Concept Layers: Enhancing Interpretability and Intervenability via LLM Conceptualization
Or Raphael Bidusa, Shaul Markovitch
TL;DR
This work introduces Concept Layers (CLs), an in-architecture approach to render LLMs interpretable and intervenable by projecting latent representations into an interpretable concept space $L_C$ via a non-trainable layer and reconstructing back into the model. A novel ontology-based, variance-guided concept-set generation selects a compact, task-appropriate $C$ without requiring labeled concept datasets. Empirical results on AG News, Yelp Polarity, and DBpedia demonstrate preserved or improved raw performance and high agreement with the original model, along with a functional intervenability interface to mitigate biases. The methodology preserves architectural compatibility, supports both task-specific and task-agnostic configurations, and offers practical avenues for debugging, bias mitigation, and safer deployment of NLP systems.
Abstract
The opaque nature of Large Language Models (LLMs) has led to significant research efforts aimed at enhancing their interpretability, primarily through post-hoc methods. More recent in-hoc approaches, such as Concept Bottleneck Models (CBMs), offer both interpretability and intervenability by incorporating explicit concept representations.
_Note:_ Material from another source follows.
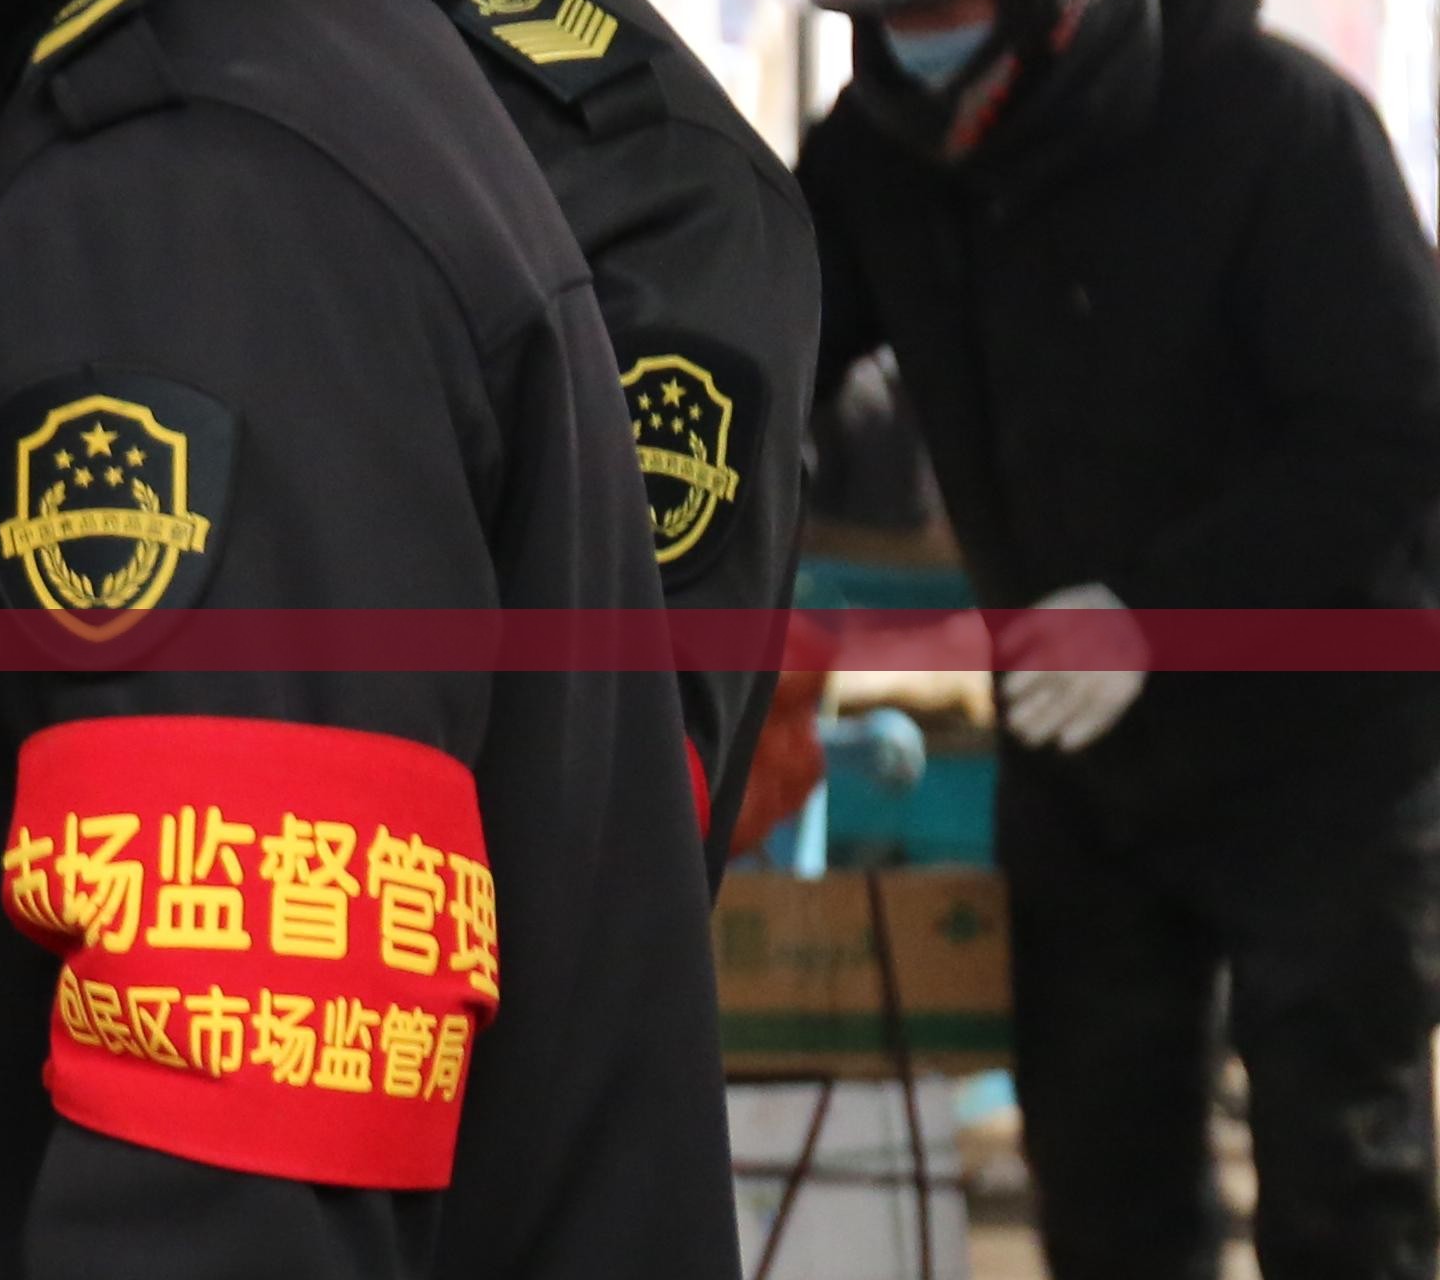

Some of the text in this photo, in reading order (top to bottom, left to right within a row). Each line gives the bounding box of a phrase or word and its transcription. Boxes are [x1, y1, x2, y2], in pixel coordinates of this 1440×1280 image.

[58, 963, 470, 1103] 回民区市场监管局
However, these methods suffer from key limitations, including reliance on labeled concept datasets and significant architectural modifications that challenges re-integration into existing system pipelines. In this work, we introduce a new methodology for incorporating interpretability and intervenability into an existing model by integrating Concept Layers (CLs) into its architecture. Our approach projects the model's internal vector representations into a conceptual, explainable vector space before reconstructing and feeding them back into the model. Furthermore, we eliminate the need for a human-selected concept set by algorithmically searching an ontology for a set of concepts that can be either task-specific or task-agnostic. We evaluate CLs across multiple tasks, demonstrating that they maintain the original model's performance and agreement while enabling meaningful interventions. Additionally, we present a proof of concept showcasing an intervenability interface, allowing users to adjust model behavior dynamically, such as mitigating biases during inference.